§ **The task**:
Go through the entries and write each one out again unchanged.

⟨

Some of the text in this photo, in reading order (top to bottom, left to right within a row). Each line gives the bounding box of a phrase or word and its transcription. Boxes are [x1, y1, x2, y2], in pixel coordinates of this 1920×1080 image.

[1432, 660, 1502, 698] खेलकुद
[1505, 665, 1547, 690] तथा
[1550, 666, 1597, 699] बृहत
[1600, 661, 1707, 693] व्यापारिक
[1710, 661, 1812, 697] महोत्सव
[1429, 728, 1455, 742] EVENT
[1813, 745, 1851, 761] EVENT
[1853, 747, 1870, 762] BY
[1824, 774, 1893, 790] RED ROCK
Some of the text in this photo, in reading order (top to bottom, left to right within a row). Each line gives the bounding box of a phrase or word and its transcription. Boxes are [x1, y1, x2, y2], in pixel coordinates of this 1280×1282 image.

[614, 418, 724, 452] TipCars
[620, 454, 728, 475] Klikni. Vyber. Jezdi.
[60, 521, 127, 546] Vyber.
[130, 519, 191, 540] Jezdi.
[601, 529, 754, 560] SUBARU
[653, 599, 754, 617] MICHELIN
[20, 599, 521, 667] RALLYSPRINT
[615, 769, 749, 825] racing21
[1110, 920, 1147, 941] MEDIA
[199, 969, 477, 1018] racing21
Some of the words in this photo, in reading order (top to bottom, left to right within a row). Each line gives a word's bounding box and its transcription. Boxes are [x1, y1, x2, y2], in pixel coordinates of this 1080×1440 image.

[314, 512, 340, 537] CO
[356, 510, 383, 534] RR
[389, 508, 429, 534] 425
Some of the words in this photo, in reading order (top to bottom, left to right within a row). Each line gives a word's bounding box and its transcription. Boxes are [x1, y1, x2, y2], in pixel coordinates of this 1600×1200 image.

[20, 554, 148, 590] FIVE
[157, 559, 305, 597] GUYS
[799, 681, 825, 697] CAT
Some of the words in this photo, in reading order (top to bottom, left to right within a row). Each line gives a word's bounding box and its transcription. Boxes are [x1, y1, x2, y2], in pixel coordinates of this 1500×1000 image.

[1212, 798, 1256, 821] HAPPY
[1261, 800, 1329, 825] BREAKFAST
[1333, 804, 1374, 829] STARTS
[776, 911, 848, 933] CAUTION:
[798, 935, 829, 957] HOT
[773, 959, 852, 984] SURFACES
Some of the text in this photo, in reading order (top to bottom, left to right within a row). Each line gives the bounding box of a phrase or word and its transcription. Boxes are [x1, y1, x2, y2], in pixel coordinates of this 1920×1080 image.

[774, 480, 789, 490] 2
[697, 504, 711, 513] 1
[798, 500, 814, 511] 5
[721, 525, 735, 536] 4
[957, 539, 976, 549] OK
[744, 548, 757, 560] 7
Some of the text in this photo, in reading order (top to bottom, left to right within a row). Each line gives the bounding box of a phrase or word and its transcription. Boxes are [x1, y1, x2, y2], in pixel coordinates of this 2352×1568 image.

⟩

§ **Written reply**:
Some of the text in this photo, in reading order (top to bottom, left to right within a row). Each line gives the bounding box of a phrase or word and its transcription. Boxes are [x1, y1, x2, y2], in pixel coordinates of this 1920×1080 image.

[1432, 660, 1502, 698] खेलकुद
[1505, 665, 1547, 690] तथा
[1550, 666, 1597, 699] बृहत
[1600, 661, 1707, 693] व्यापारिक
[1710, 661, 1812, 697] महोत्सव
[1429, 728, 1455, 742] EVENT
[1813, 745, 1851, 761] EVENT
[1853, 747, 1870, 762] BY
[1824, 774, 1893, 790] RED ROCK
Some of the text in this photo, in reading order (top to bottom, left to right within a row). Each line gives the bounding box of a phrase or word and its transcription. Boxes are [x1, y1, x2, y2], in pixel coordinates of this 1280×1282 image.

[614, 418, 724, 452] TipCars
[620, 454, 728, 475] Klikni. Vyber. Jezdi.
[60, 521, 127, 546] Vyber.
[130, 519, 191, 540] Jezdi.
[601, 529, 754, 560] SUBARU
[653, 599, 754, 617] MICHELIN
[20, 599, 521, 667] RALLYSPRINT
[615, 769, 749, 825] racing21
[1110, 920, 1147, 941] MEDIA
[199, 969, 477, 1018] racing21
Some of the words in this photo, in reading order (top to bottom, left to right within a row). Each line gives a word's bounding box and its transcription. Boxes are [x1, y1, x2, y2], in pixel coordinates of this 1080×1440 image.

[314, 512, 340, 537] CO
[356, 510, 383, 534] RR
[389, 508, 429, 534] 425
Some of the words in this photo, in reading order (top to bottom, left to right within a row). Each line gives a word's bounding box and its transcription. Boxes are [x1, y1, x2, y2], in pixel coordinates of this 1600×1200 image.

[20, 554, 148, 590] FIVE
[157, 559, 305, 597] GUYS
[799, 681, 825, 697] CAT
Some of the words in this photo, in reading order (top to bottom, left to right within a row). Each line gives a word's bounding box and its transcription. Boxes are [x1, y1, x2, y2], in pixel coordinates of this 1500×1000 image.

[1212, 798, 1256, 821] HAPPY
[1261, 800, 1329, 825] BREAKFAST
[1333, 804, 1374, 829] STARTS
[776, 911, 848, 933] CAUTION:
[798, 935, 829, 957] HOT
[773, 959, 852, 984] SURFACES
Some of the text in this photo, in reading order (top to bottom, left to right within a row). Each line gives the bounding box of a phrase or word and its transcription. Boxes are [x1, y1, x2, y2], in pixel coordinates of this 1920×1080 image.

[774, 480, 789, 490] 2
[697, 504, 711, 513] 1
[798, 500, 814, 511] 5
[721, 525, 735, 536] 4
[957, 539, 976, 549] OK
[744, 548, 757, 560] 7
Some of the text in this photo, in reading order (top to bottom, left to right within a row). Each line gives the bounding box of a phrase or word and its transcription. Boxes are [x1, y1, x2, y2], in pixel coordinates of this 2352×1568 image.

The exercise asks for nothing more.